- _Available data_
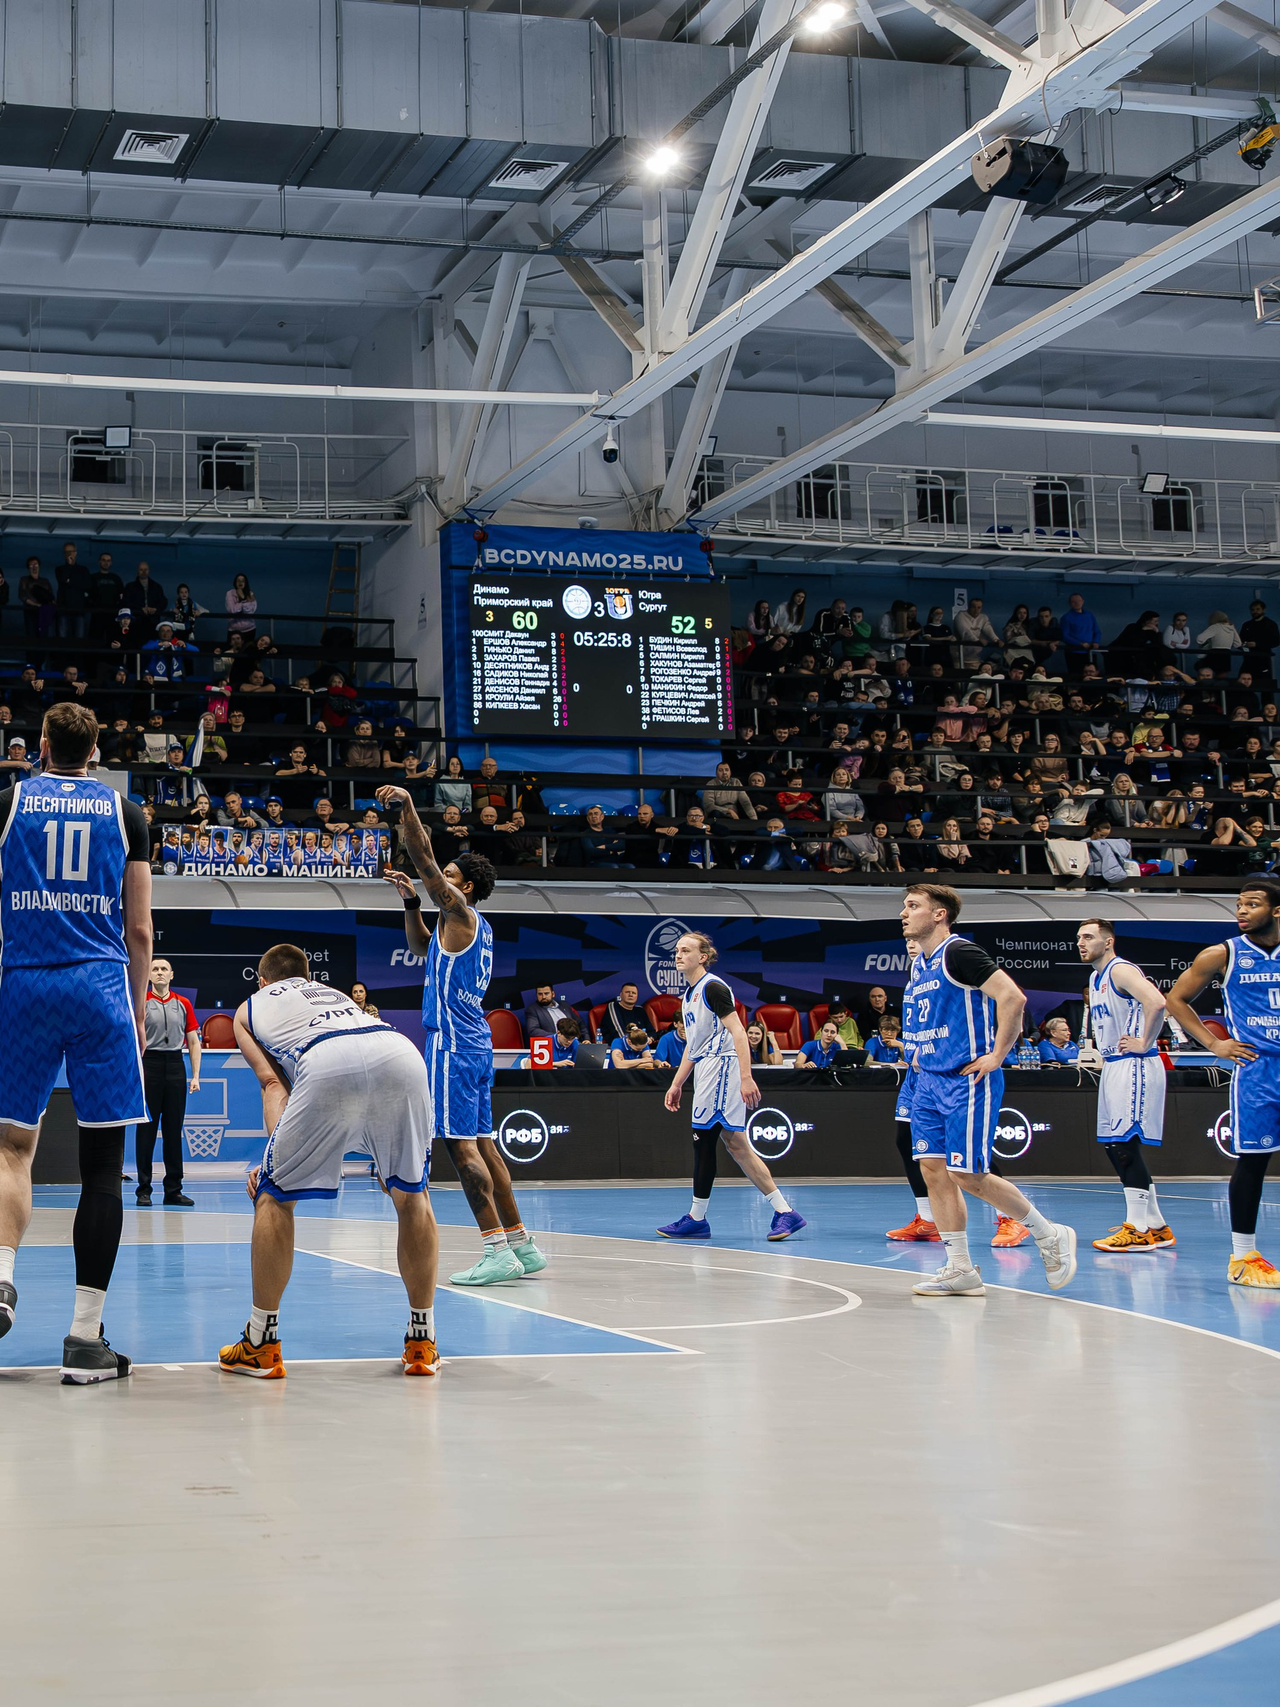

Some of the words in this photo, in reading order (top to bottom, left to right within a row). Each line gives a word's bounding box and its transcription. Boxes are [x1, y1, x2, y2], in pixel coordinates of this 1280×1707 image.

[484, 548, 684, 571] BCDYNAMO25.RU
[473, 584, 510, 595] Динамо
[638, 590, 662, 600] Югра
[473, 596, 530, 608] Приморский
[531, 598, 553, 609] край
[638, 602, 667, 613] Сургут
[594, 602, 605, 617] 3
[485, 610, 494, 622] 3
[512, 610, 538, 630] 60
[671, 616, 696, 634] 52
[704, 618, 713, 629] 5
[484, 638, 510, 646] ЕРШОВ
[573, 631, 632, 648] 05:25:8
[649, 636, 672, 645] БУДИН
[484, 646, 512, 654] ГИНЬКО
[484, 654, 517, 662] ЗАХАРОВ
[519, 655, 540, 663] Павел
[484, 662, 532, 671] ДЕСЯТНИКОВ
[485, 670, 519, 679] САДИКОВ
[520, 671, 548, 679] Николай
[485, 678, 520, 687] ДЕНИСОВ
[684, 676, 706, 685] Сергей
[485, 686, 519, 694] АКСЕНОВ
[573, 683, 580, 692] 0
[626, 685, 633, 694] 0
[652, 692, 688, 700] КУРЦЕВИЧ
[486, 702, 518, 710] КИПКЕЕВ
[652, 699, 680, 707] ПЕЧКИН
[681, 700, 705, 708] Андрей
[686, 716, 709, 724] Сергей
[22, 795, 113, 816] ДЕСЯТНИКОВ
[42, 820, 91, 881] 10
[182, 863, 268, 877] ДИНАМО
[282, 864, 374, 878] МАШИНА!
[11, 890, 116, 915] ВЛАДИВОСТОК
[996, 937, 1074, 953] Чемпионат
[996, 957, 1050, 969] России
[533, 1040, 550, 1065] 5
[505, 1128, 542, 1143] РФБ
[752, 1126, 788, 1141] РФБ

- _What this task involves_
This task calls for the listing to be restated exactly, with images omitted.

- _Exercise solution_
Some of the words in this photo, in reading order (top to bottom, left to right within a row). Each line gives a word's bounding box and its transcription. Boxes are [x1, y1, x2, y2], in pixel coordinates of this 1280×1707 image.

[484, 548, 684, 571] BCDYNAMO25.RU
[473, 584, 510, 595] Динамо
[638, 590, 662, 600] Югра
[473, 596, 530, 608] Приморский
[531, 598, 553, 609] край
[638, 602, 667, 613] Сургут
[594, 602, 605, 617] 3
[485, 610, 494, 622] 3
[512, 610, 538, 630] 60
[671, 616, 696, 634] 52
[704, 618, 713, 629] 5
[484, 638, 510, 646] ЕРШОВ
[573, 631, 632, 648] 05:25:8
[649, 636, 672, 645] БУДИН
[484, 646, 512, 654] ГИНЬКО
[484, 654, 517, 662] ЗАХАРОВ
[519, 655, 540, 663] Павел
[484, 662, 532, 671] ДЕСЯТНИКОВ
[485, 670, 519, 679] САДИКОВ
[520, 671, 548, 679] Николай
[485, 678, 520, 687] ДЕНИСОВ
[684, 676, 706, 685] Сергей
[485, 686, 519, 694] АКСЕНОВ
[573, 683, 580, 692] 0
[626, 685, 633, 694] 0
[652, 692, 688, 700] КУРЦЕВИЧ
[486, 702, 518, 710] КИПКЕЕВ
[652, 699, 680, 707] ПЕЧКИН
[681, 700, 705, 708] Андрей
[686, 716, 709, 724] Сергей
[22, 795, 113, 816] ДЕСЯТНИКОВ
[42, 820, 91, 881] 10
[182, 863, 268, 877] ДИНАМО
[282, 864, 374, 878] МАШИНА!
[11, 890, 116, 915] ВЛАДИВОСТОК
[996, 937, 1074, 953] Чемпионат
[996, 957, 1050, 969] России
[533, 1040, 550, 1065] 5
[505, 1128, 542, 1143] РФБ
[752, 1126, 788, 1141] РФБ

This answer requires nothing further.